Still can't except it.
Too hard.

XS

i have had au for 30 years but i still opt for a wig   to me it's just dignity and my preference .  i admire  those who go without a wig...but this is my choice.  at home.....i have opted for nice comfortable  terry cloth covers....maybe for yourself or your spouse......but wherever you feel comfortable.  just be comfortable in your own skin......and realize there is no right or wrong in how you wish to proceed.  accept the alopecia....that is a huge step....then you take the power as to how you will display it....or NOT!    that is your power.....xxx

Thanks, Paula

Hi, first six months i hid it behind head scarfs, even to bed. couldn't stand wearing a wig as i didnt feel like myself. but fake eyelashes and spent forever drawing my eyebrows, but then i got used (and maybe a tad bitter :) ) to it and rocked the bald head in public and stared back at whoever stared at me . now i have random bald patches and dont fuss too much if they can be seen. i get curious looks, but never conments. its always depressing when i find a new patch but i just have to think that there are people a lot worse off than me :)
have to make the most of what you've got x

Hi there

I've been bald for thirteen years.  My feeling is there is no reason to go bald in public, since wigs these days are so convincing no one needs to know you are bald.  I tried public baldness a few times early on.  I got a few stares and dumb comments. All it does is draw attention to yourself and I don't see the point of that.

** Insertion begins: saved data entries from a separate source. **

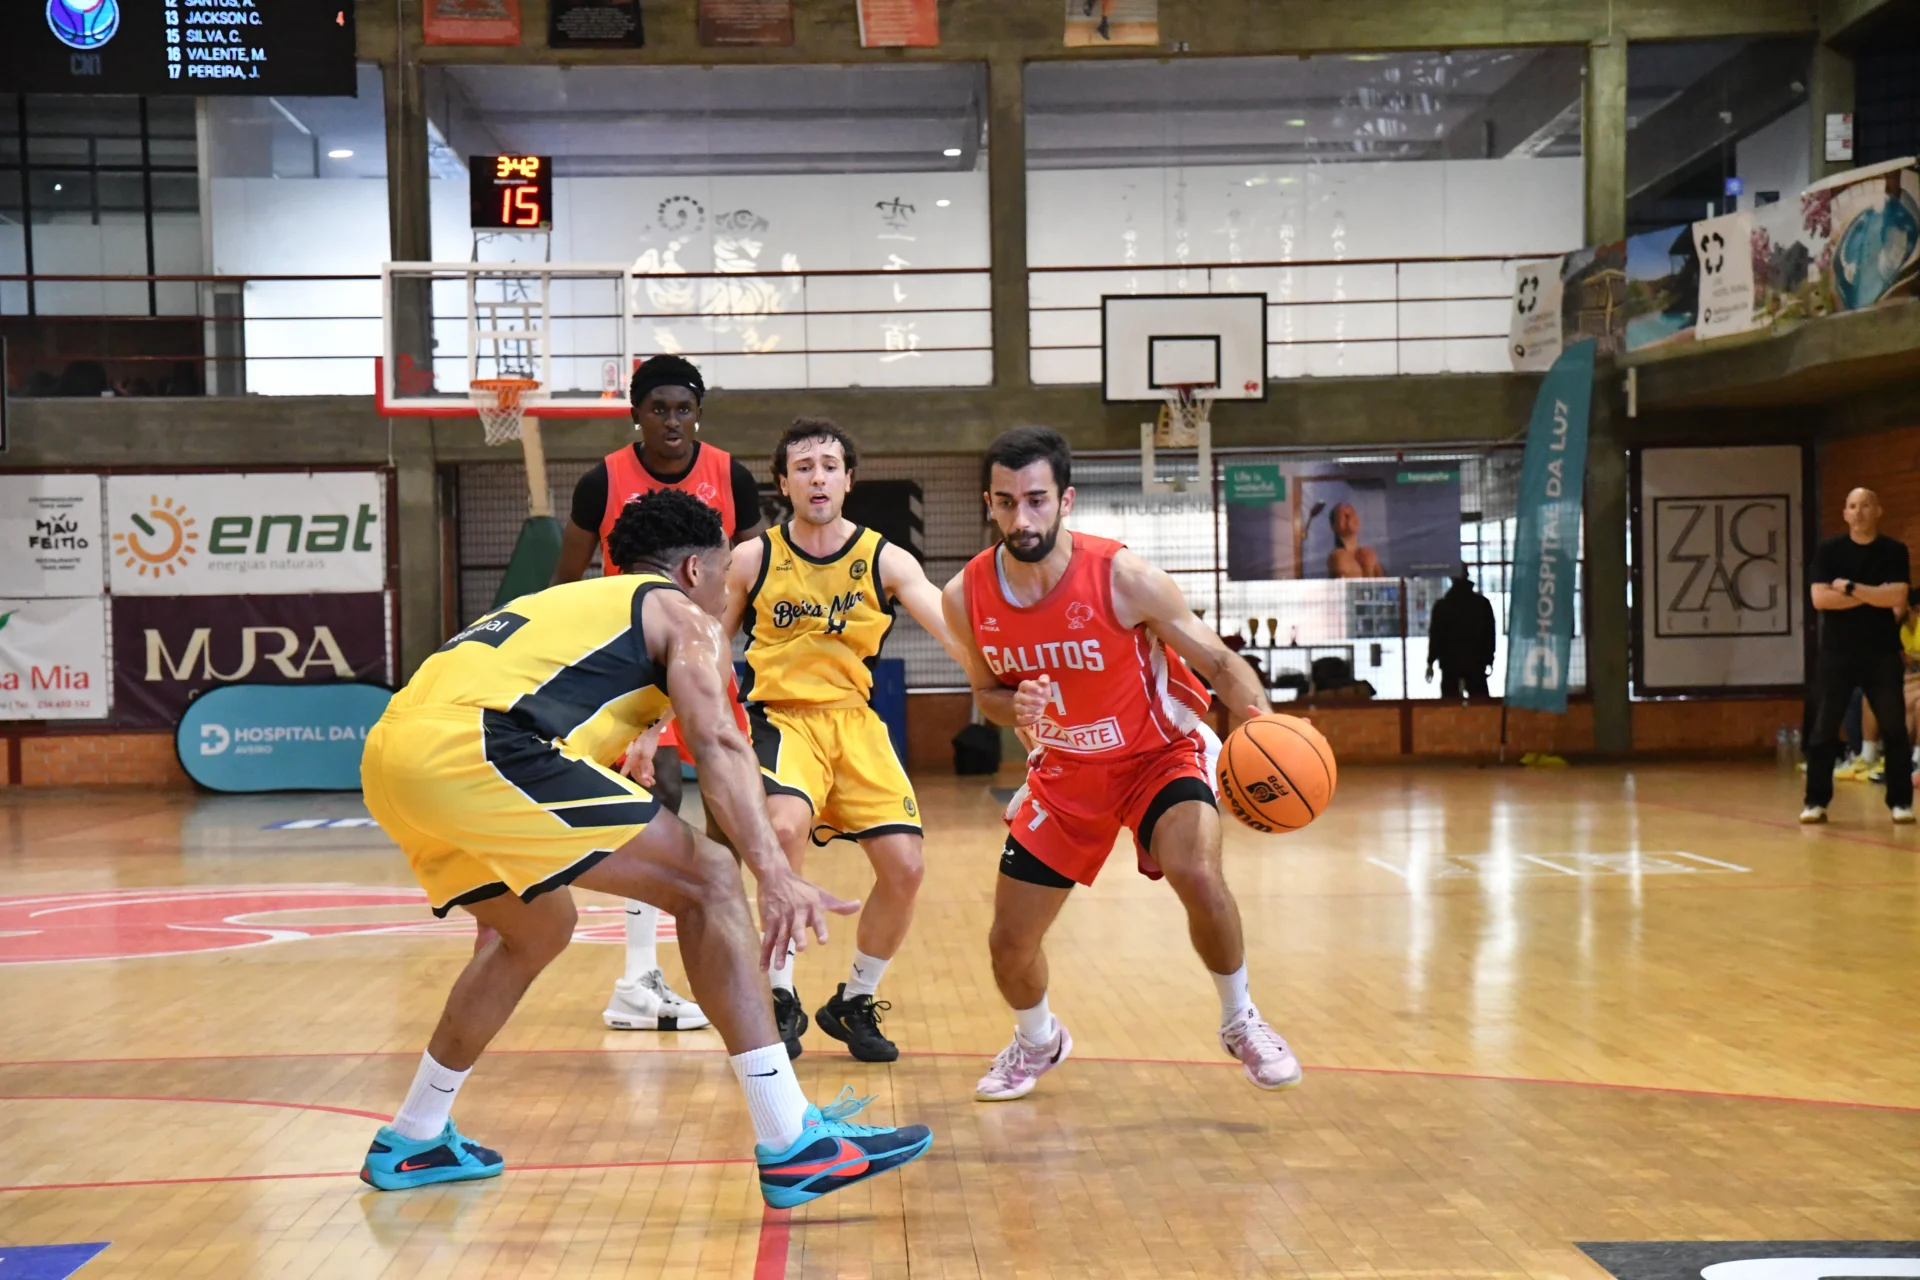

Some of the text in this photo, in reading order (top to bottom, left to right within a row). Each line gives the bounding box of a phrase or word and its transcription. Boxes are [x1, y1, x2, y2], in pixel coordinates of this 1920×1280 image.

[165, 11, 179, 25] 13
[185, 11, 247, 25] JACKSON
[336, 11, 345, 26] 4
[166, 28, 241, 44] 15 SILVA, C.
[167, 47, 267, 62] 16 VALENTE, M.
[168, 64, 181, 78] 17
[188, 65, 246, 79] PEREIRA,
[502, 186, 539, 224] 15
[1550, 400, 1568, 450] LUZ
[1546, 459, 1563, 497] DA
[208, 504, 377, 554] enat
[1667, 503, 1776, 562] ZIG
[208, 559, 325, 573] energias naturais
[1536, 503, 1561, 638] HOSPITAL
[1667, 555, 1777, 612] ZAG
[144, 626, 355, 681] MURA
[982, 639, 1105, 675] GALITOS
[0, 665, 89, 690] a Mia
[235, 725, 325, 742] HOSPITAL
[329, 725, 356, 740] DA
[1220, 769, 1272, 832] Wilson
[1267, 775, 1289, 797] FPB

I take my wig off at home for comfort in the heat.  I don't see why people have to get so upset about

having no hair.  It's annoying and it's not as pretty, but you are still alive, you still have most of your health.

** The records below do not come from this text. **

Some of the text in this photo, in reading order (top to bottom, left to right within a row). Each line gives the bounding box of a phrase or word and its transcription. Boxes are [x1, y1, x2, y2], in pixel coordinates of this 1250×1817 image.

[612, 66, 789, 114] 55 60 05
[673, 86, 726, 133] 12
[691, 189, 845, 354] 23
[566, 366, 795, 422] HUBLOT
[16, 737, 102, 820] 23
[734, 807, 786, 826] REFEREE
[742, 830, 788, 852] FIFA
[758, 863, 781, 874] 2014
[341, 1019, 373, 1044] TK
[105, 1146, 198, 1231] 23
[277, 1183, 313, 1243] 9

Rather than focusing on what you don't have, isn't it better to focus on what you do have?  Of course I get annoyed

with this disease, but compared to millions of people in the world I am so lucky.  You can choose

to spend your life thinking "Poor me", or you can just get on with it.  Pity parties are no fun and no help.  

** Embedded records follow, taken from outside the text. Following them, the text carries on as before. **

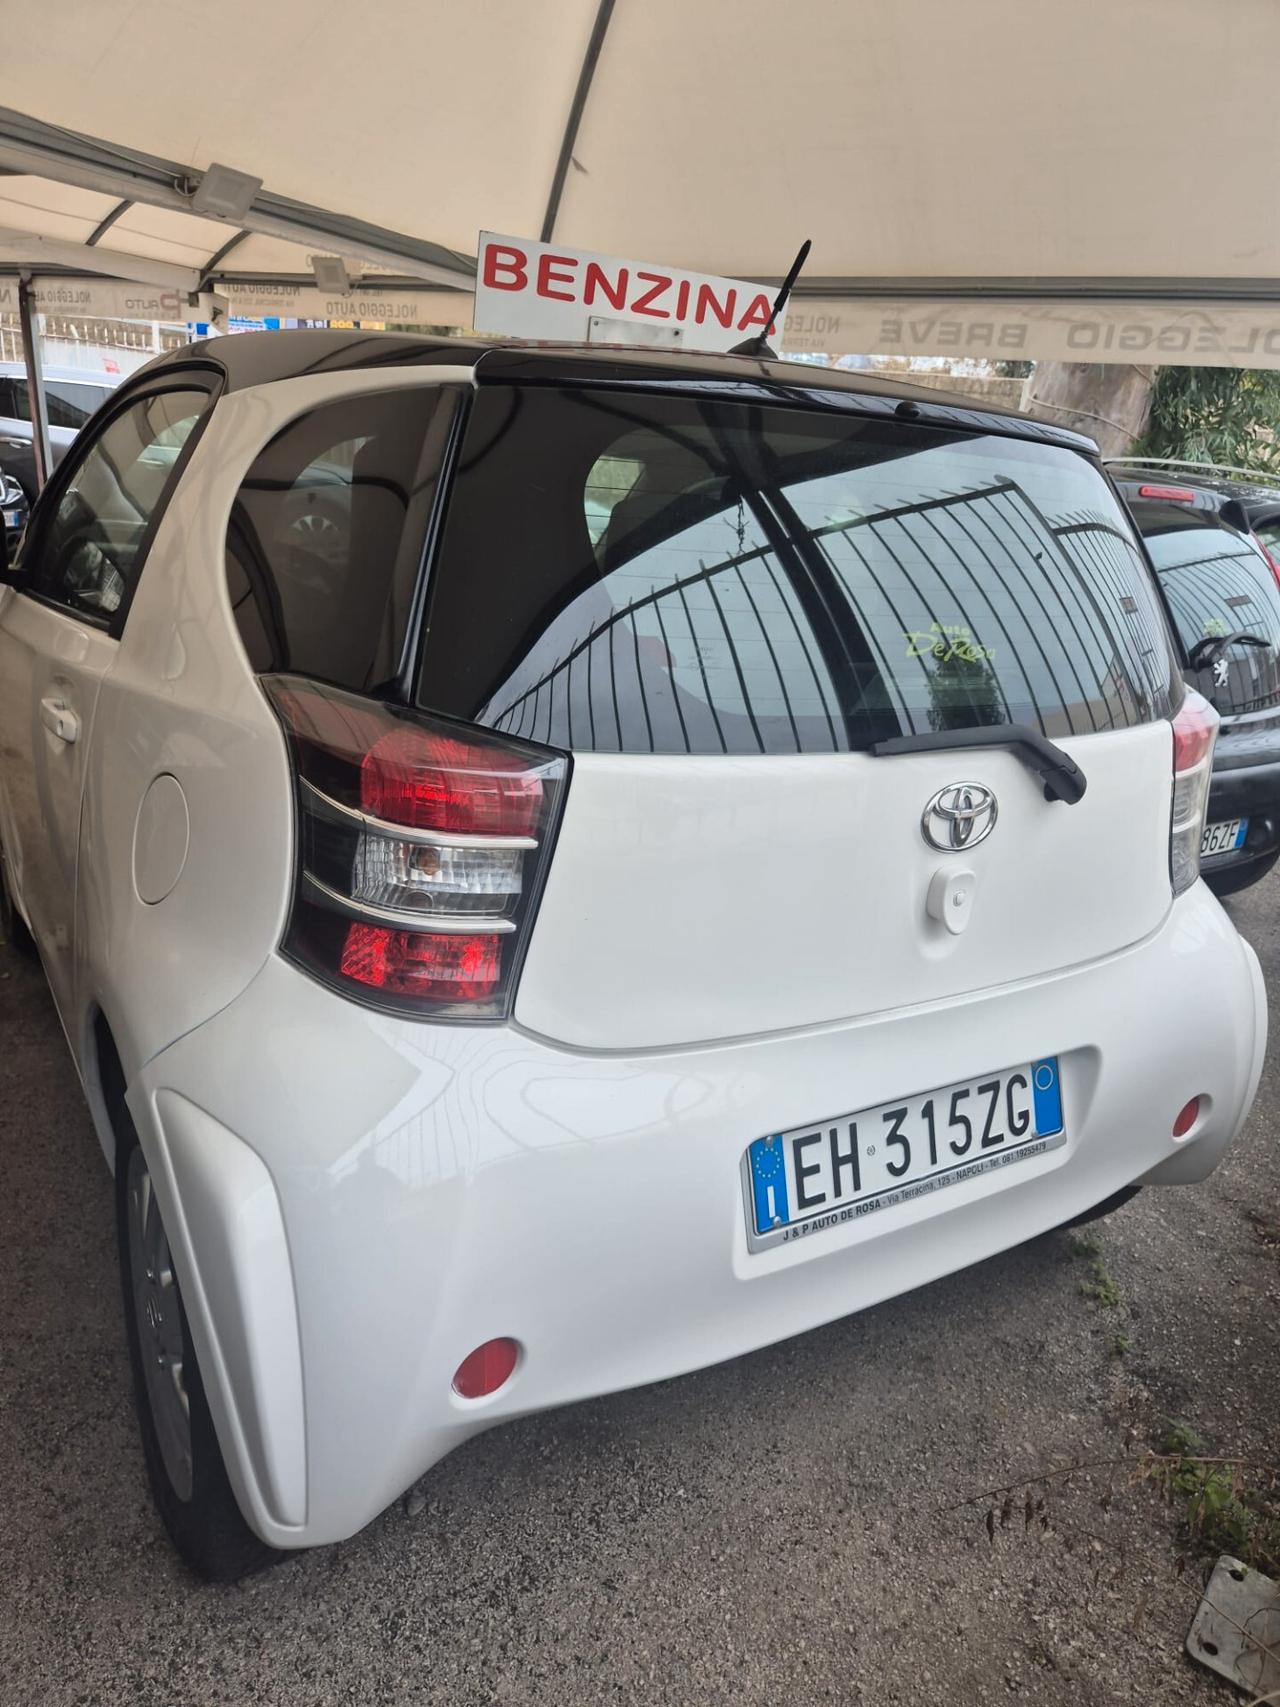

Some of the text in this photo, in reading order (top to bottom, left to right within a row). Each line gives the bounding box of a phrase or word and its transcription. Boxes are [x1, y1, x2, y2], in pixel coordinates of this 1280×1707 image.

[483, 243, 776, 336] BENZINA
[1200, 820, 1240, 853] 86ZF
[792, 1122, 862, 1211] EH
[882, 1073, 1031, 1177] 315ZG
[783, 1230, 789, 1241] J
[792, 1227, 800, 1238] &
[802, 1224, 809, 1234] P
[811, 1213, 838, 1231] AUTO
[841, 1209, 853, 1221] DE
[855, 1200, 881, 1216] ROSA
[887, 1194, 900, 1205] Via
[901, 1183, 935, 1200] Terracina,
[938, 1175, 950, 1188] 125
[956, 1164, 984, 1180] NAPOLI
[989, 1158, 1001, 1169] Tel.

I occasionally let my frustration out, but then I think of people who are really suffering and it puts

things in perspective.  

I have been also contemplating it. One friend of mine, young man, became disable after very bad car accident, he cannot walk now. I am much more lucky than him, I lost only my hair, he lost his legs. I know that my condition is not the worse thing in the world, but still I find it difficult sometimes to socialize with it

Great outlook! Wish everyone could process issues we all face like you have.

For me I've only got a receding hairline and thinning hair and we're camping right now and I've still got my topper on!
Normally I wear a topper 24/7 but lately I'm getting a bit fed up and take it off at night.
What surprises me is that I'm a fairly well balanced person (in my opinion) but this hair thing has almost completely consumed every aspect of my life. I mean popping out for milk, getting kids from school, going out in general always equates to "what do I do with my hair"
So for me it's not so much about the hair loss, but about my perception of myself and how much I need/seek general acceptance. I can't help asking myself why it means so much to me what people think.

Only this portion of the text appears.